Let's say, just to clarify what I mean, that a person – let's say she is a woman – becomes very depressed and anxious about what she thinks is the problem in her life. She cannot decide whether to give up a high-pressure job in which she appears to be, on the surface at least, very unhappy and stressed. For some reason she can't quite make the move, which is causing even more difficulties with her boss, who is in turn concerned about her 'commitment'. In trying to do some simple 'problem-solving' with her – getting her to brainstorm the different solutions open to her and to consider the reasons for and against each of these options – it becomes clear to her therapist that the job isn't the biggest problem. It's something else: her husband, who is putting pressure on her to have a child, and how this would relate to how she views her place in the world – her loss of independence and her own professional role outside the home. The job does stress her, but not because it is inherently wrong for her; it is because there is a serious failure of fit between the roles she plays at work and at home. She begins to see that she needs to address the tensions at home before she can make any meaningful decisions about her job. The situation at home, in her marriage, has emerged as the real problem. The whole thing becomes even more complicated if she then embarks on a love affair with one of her colleagues rather than addressing the difficulties at home or at work.

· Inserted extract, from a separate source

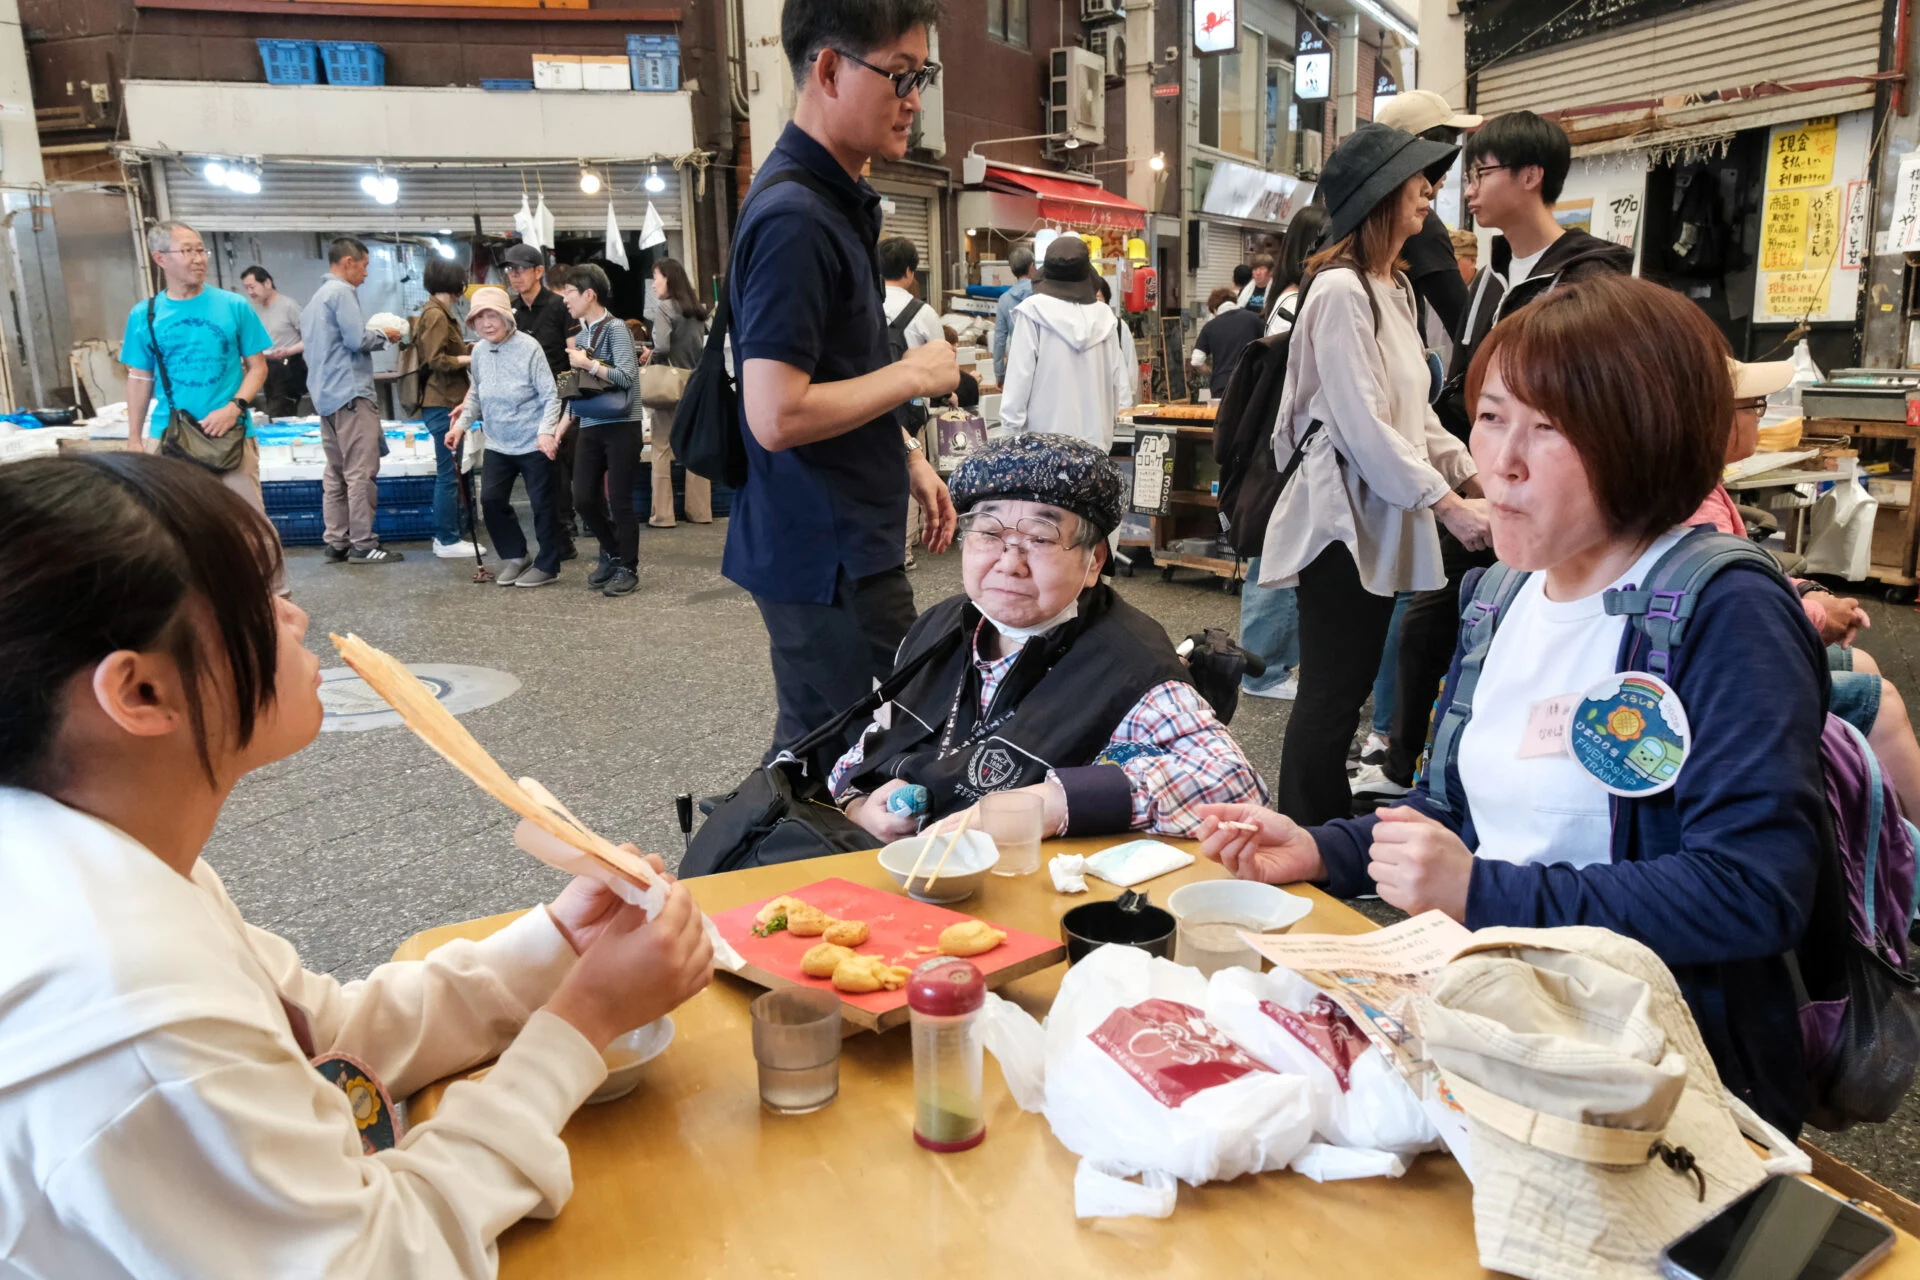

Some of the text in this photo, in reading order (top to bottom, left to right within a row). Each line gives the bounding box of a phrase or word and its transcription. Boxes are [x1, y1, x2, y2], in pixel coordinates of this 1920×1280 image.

But it isn't always easy to acknowledge problems in relationships we have invested so much of our lives in building, and repairing them takes time and a willingness to try from both parties.
A few months after we had started working together, the community psychiatric nurse and I were seeing a couple together, Mr and Mrs Brown, for marital therapy. Mr Brown had been referred for depression, and it had become clear that there were underlying problems in his relationship with his wife. They found it increasingly difficult to talk through the issues they disagreed about in their family life. The male nurse and I were trying to demonstrate, in the way we interacted with each other, how it was possible to have good communication between the sexes. We looked at each other as we spoke and checked out our ideas with each other.
'We can see that you still really do have some deep affection and care for each other,' my colleague began. I caught his eye, trying not to show my doubts.
'The problem is in the way you show those feelings to each other. It isn't easy for each of you to see how much the other still cares about you. I can see how you, Anne,' he looked at Mrs Brown and gestured towards her, palm upwards, the sunlight glinting off his wedding ring, 'show how strongly you feel about Steve staying out late by getting angry. Steve copes with his feelings of rejection and hurt by refusing to talk, going drinking and staying out even later, because he still cares so much.' He sounded so reasonable. 'Positive connotation' is what they call it, making the negative sound positive: hurting each other because their relationship still mattered, failing to provide each other with those vital signals of affection and love. The Browns exchanged cautious glances. My colleague smiled at me. I smiled back.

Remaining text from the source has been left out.